Warsaw, 8 October 2010
Islamophobia is a form of intolerance and discrimination motivated with fear, mistrust and hatred of Islam and its adherents. It is often manifested in combination with racism, xenophobia, anti-immigrant sentiments and religious intolerance.
Manifestations of Islamophobia include hate speech, violent acts and discriminatory practices, which can be manifested by both non-state actors and state officials.
Islamophobic rhetoric associates Muslims with terrorism and portrays them as an international and domestic threat. It makes stereotypical allegations about Muslims as a monolithic group of people whose culture is backward and incompatible with human rights and democracy.
Other examples of Islamophobic rhetoric in political discourse, the media, schools, work place and in the religious sphere involve, but are not limited to:
– Calling for banning and/or restricting visibility and practices of Islam in public space on the grounds that Islam is not a religion but an oppressive ideology;
– Accusing Muslims of not willing to integrate in the society where they live in, but imposing their own values and culture;
– Describing Muslims as a demographic time-bomb which will become a numerical majority where they are minority for the time-being;
– Charging Muslims with not being loyal to the country that they live in but to the Muslim community as a whole;
– Advocating collective expulsion of Muslims based on the accusation that they are enemies within;
– Dehumanizing and demonizing Muslims as a collective “other” defined only on religious basis, leading to the racialisation of the “Muslim category”;
– Accusing Muslims of being responsible for wrongdoing committed by other Muslim individuals or groups;
– Denying contributions that Muslims made and have been making to the society and World;
– Rejecting any possibility of co-operation between Muslims and non-Muslims.
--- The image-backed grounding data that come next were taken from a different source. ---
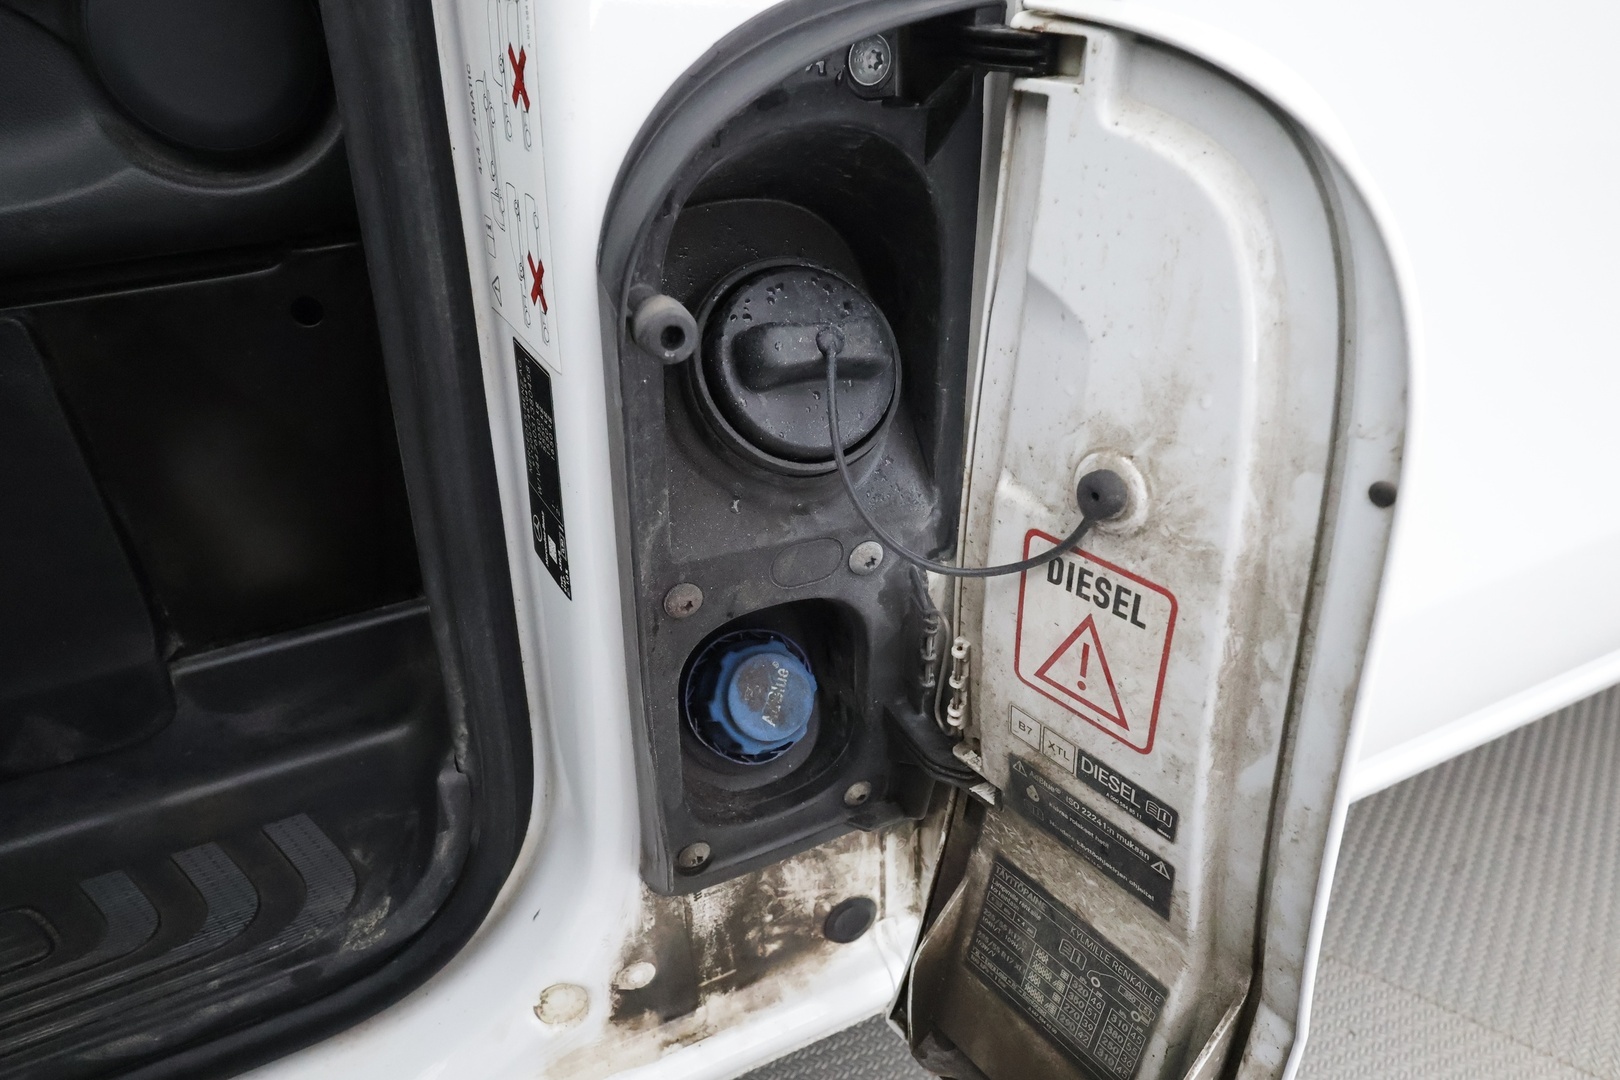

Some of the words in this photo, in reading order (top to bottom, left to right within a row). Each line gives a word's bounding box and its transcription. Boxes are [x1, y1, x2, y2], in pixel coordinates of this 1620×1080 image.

[466, 64, 477, 126] 4MATIC
[1047, 556, 1146, 630] DIESEL
[1018, 721, 1033, 735] B7
[1048, 740, 1070, 761] XTL
[1080, 756, 1141, 808] DIESEL
[1066, 796, 1080, 810] ISO
[1116, 832, 1150, 860] mukaan
[994, 865, 1047, 912] TÄYTTÖPAINE
[1070, 926, 1111, 964] KYLMILLE
[1112, 960, 1160, 1005] RENKAILLE
[1072, 980, 1088, 997] 320
[1091, 997, 1102, 1009] 46
[1064, 1004, 1080, 1020] 270
[1086, 1008, 1097, 1020] 51
[1060, 1014, 1076, 1031] 290
[1082, 1020, 1093, 1031] 39
[1111, 1014, 1128, 1032] 310
[1078, 1032, 1089, 1043] 42
[1107, 1026, 1124, 1044] 380
[1131, 1033, 1142, 1045] 45
[1101, 1037, 1119, 1055] 250
[1126, 1043, 1137, 1056] 55
[1097, 1048, 1114, 1066] 310
[1121, 1054, 1132, 1068] 36
[1116, 1067, 1128, 1079] 45
Acts of Islamophobia, which can be committed by non-state actors or state officials, include:
– Physical attacks, which are carried out spontaneously by individuals or organized groups, on individuals, community institutions and property that are rightly or wrongly associated with Muslims or Islam;
– Discriminatory immigration and naturalization procedures directly or indirectly excluding Muslims or placing them in a disadvantageous situation in comparison with people of other religious origin;
– Racial/religious profiling measures, including stop and search, surveillance of religious and cultural Muslim organizations, and no flight lists, which have disproportional impact on Muslims;
– Restrictions, by either legislative or administrative means, on the visibility of religious symbols targeting at exclusively Muslims, as in the case of prohibition of minarets.
Institutional Islamophobia is state policies and systematic practices discriminating Muslims based on their religious identity. It poses a serious threat to the security of Muslims because such policies and practices can lead to spreading bias, and therefore be a fertile ground for hate crimes
RECOMMENDATIONS TO COMBAT ISLAMOPHOBIA
In order to combat Islamophobia and foster tolerance and mutual understanding based on the international human rights standards, States should:
– Take all necessary measures in their legal systems to ensure a safe environment free from Islamophobic harassment, violence and discrimination in all walks of life;
– Develop and implement comprehensive educational strategies and programme for combating Islamophobia;
– Create, whenever necessary, specialized bodies and initiatives in order to combat Islamophobia;
– Include in their integration policies programmes and activities addressing Islamophobia and its roots causes;
– Record, monitor and maintain reliable information and statistics about Islamophobic hate crimes committed within their territory and make such reports publically available;
– Combat Islamophobic hate crimes, which can be fuelled by Islamophobic hate speech in the media and on the Internet;
– Take all necessary measures in order to prevent racial/religious profiling and other forms of institutionalized Islamophobia;
– Conduct public awareness campaigns and specific programmes for governmental officials in order to combat Islamophobia;
– Encourage and support intergovernmental human rights agencies and non-governmental organizations dealing with Islamophobia;
– Strive to develop necessary mechanisms and standards to increase international co-operation in combating Islamophobia.
This proposal is supported by: European Muslim Initiative for Social Cohesion (Denmark-France), Jewish-Muslim Cooperation Platform (Belgium), Austrian Muslim Initiative, Collectif Contre l’Islamophobie en France (CCIF), JPL MONDE (France), Federation of Western Thrace Turks in Europe (ABTTF – Germany), Ethnic Debate Forum and Fair Play (Denmark), The National Association of Muslim Police (NAMP-UK), Western Thrace Minority University Graduates Association (Greece), Muslim Community of Bulgaria, Muslim Committee on Human Rights in Central Asia (Kazakhstan), Turkish Community in Germany (TGD).